Berten v. Pierce
| Decision Date | 24 September 1991 |
| Docket Number | No. WD,WD |
| Citation | Berten v. Pierce, 818 S.W.2d 685 (Mo. App. 1991) |
| Parties | Sharon K. BERTEN and Jackie D. Berten, Respondents, v. Jack L. PIERCE, et al., Appellants. 44022. |
| Court | Missouri Court of Appeals |
Errol D. Taylor, St. Joseph, for appellants.
Thomas R. Summers, St. Joseph, for respondents.
Before TURNAGE, P.J., and KENNEDY and BRECKENRIDGE, JJ.
Defendants Jack L. Pierce, et al., members of a farming partnership, appeal from judgments based upon jury verdicts of $50,000 in favor of plaintiff Sharon Berten on her claim for personal injuries, and $10,000 for Jack D. Berten, Sharon's husband, on his claim for loss of consortium.
Sharon Berten alleges she was injured in two different accidents caused by the negligence of the defendant in allowing their hogs to be in the public road. The first of the two accidents occurred April 16, 1986, when Mrs. Berten, on her way home from work in her automobile, struck a hog in the road. The second accident was August 2, 1986. This time, Mrs. Berten, on her way to work in her automobile, drove her car into a ditch at the side of the road and struck an embankment to avoid striking hogs, allegedly defendants', in the roadway.
The injury claimed by Mrs. Berten to have resulted from the accidents is the aggravation of an earlier back injury, which she had sustained in January, 1985, when another car had struck from the rear a car in which she was riding as a passenger. As a result of the earlier injury, she was off work approximately six months, returning to work in July, 1985. She worked at a farm implement dealership. Her employment involved, among other duties, lifting heavy farm implement parts.
Defendants say there was no medical evidence Sharon Berten's injuries were caused by the collisions shown in evidence. From that premise they argue the court erred in denying their claim for judgment n.o.v., and also erred in giving the verdict directing instruction and the damage instruction which hypothesized the causal relationship between the April 16 and the August 2 incidents and Sharon's injuries. Specifically, they say there was no expert medical testimony making the connection, and that the jury without expert medical evidence could not find causation.

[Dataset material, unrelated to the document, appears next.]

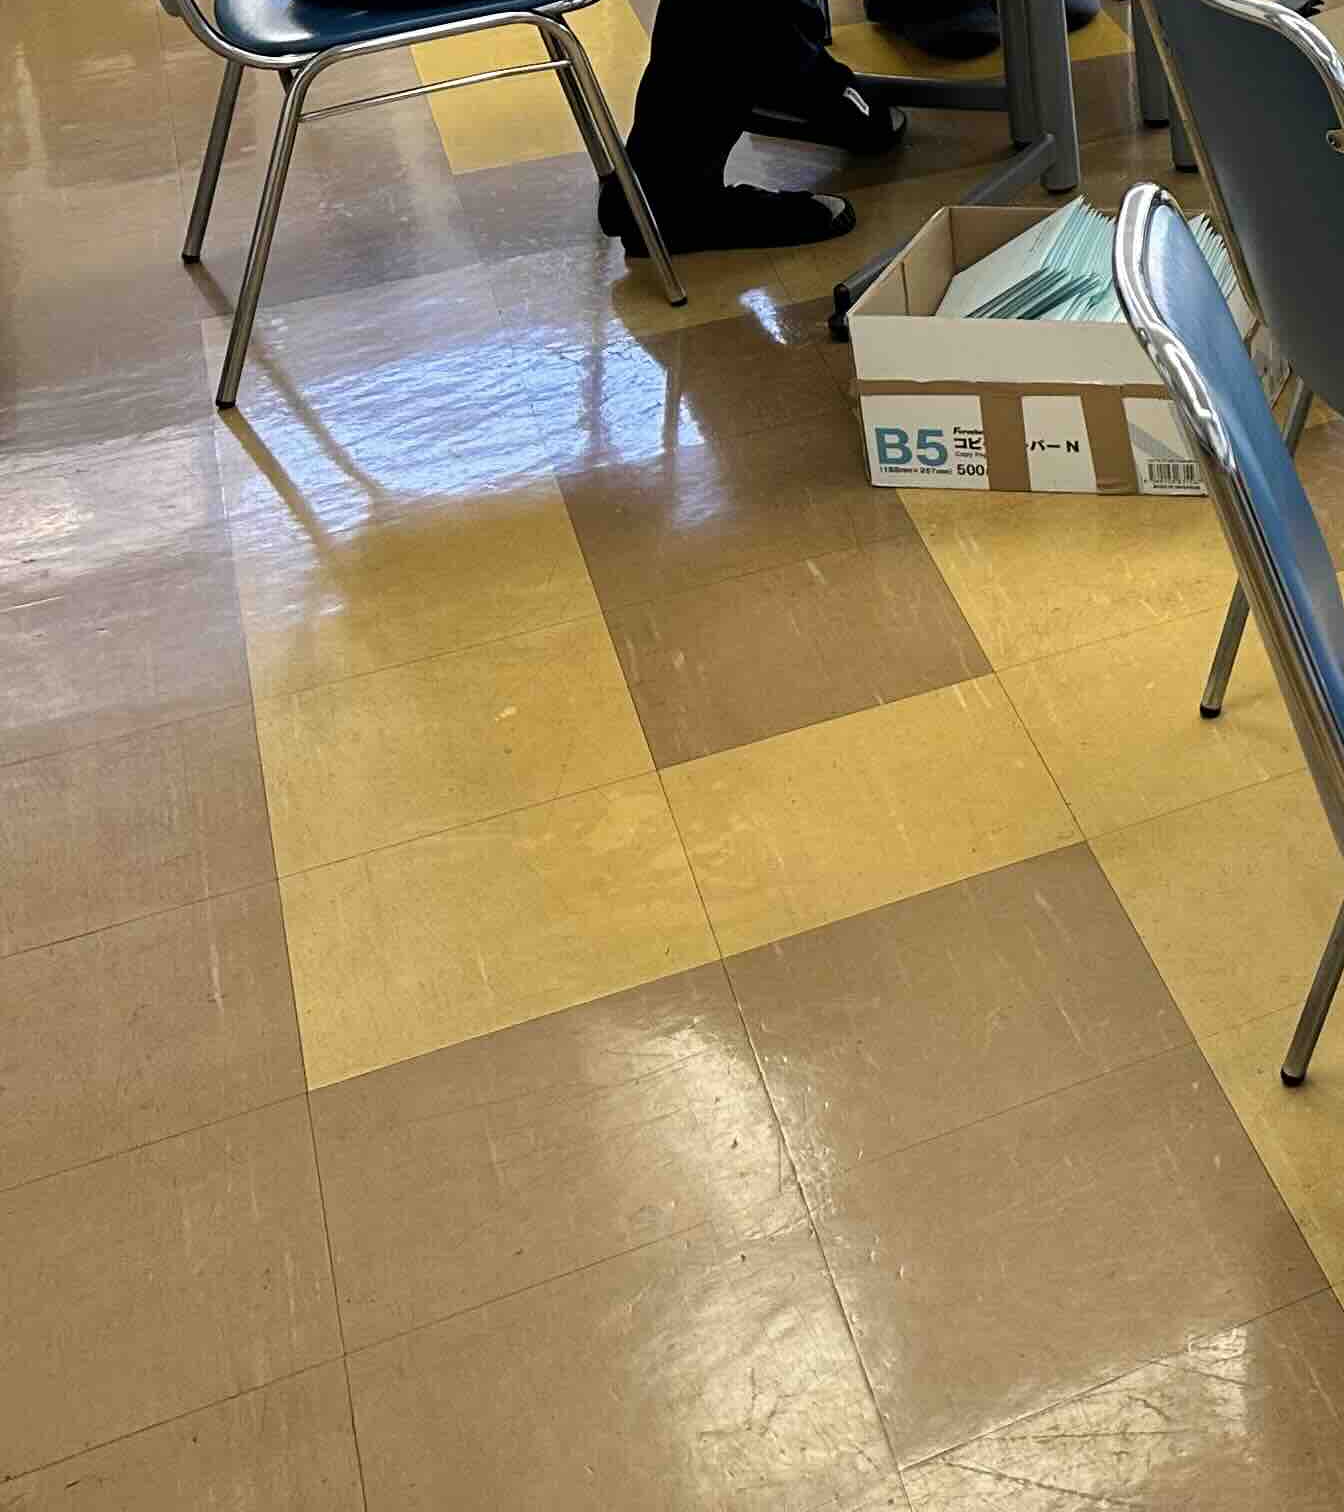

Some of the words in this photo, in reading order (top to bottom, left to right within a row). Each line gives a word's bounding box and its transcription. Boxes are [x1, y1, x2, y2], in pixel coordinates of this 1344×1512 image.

We have concluded, upon a review of the testimony, that plaintiffs made a submissible case of causation by the aid of the "sudden onset" doctrine. That doctrine holds that causation may be inferred by a lay jury, without expert evidence, where the obvious symptoms of the injury follow the trauma immediately, or with only short delay, and the injury is the kind that is normally sustained in the kind of trauma being considered. The lay jury by its common sense and experience may reliably find that the injury occurred as a result of the trauma. Rech v. AAA Plumbing Co., 798 S.W.2d 194, 195-96 (Mo.App.1990); Harrison v. Weller, 423 S.W.2d 226, 230 (Mo.App.1967). The most obvious cases for the application of the doctrine are those where a person is involved in a violent accident and sustains a broken bone, or an open wound. DeMoulin v. Kissir, 446 S.W.2d 162, 165 (Mo.App.1969). It has also been applied in cases of back pain. Pruneau v. Smiljanich, 585 S.W.2d 252, 255 (Mo.App.1979); Sita v. Falstaff Brewing Corp., 425 S.W.2d 487, 490 (Mo.App.1968).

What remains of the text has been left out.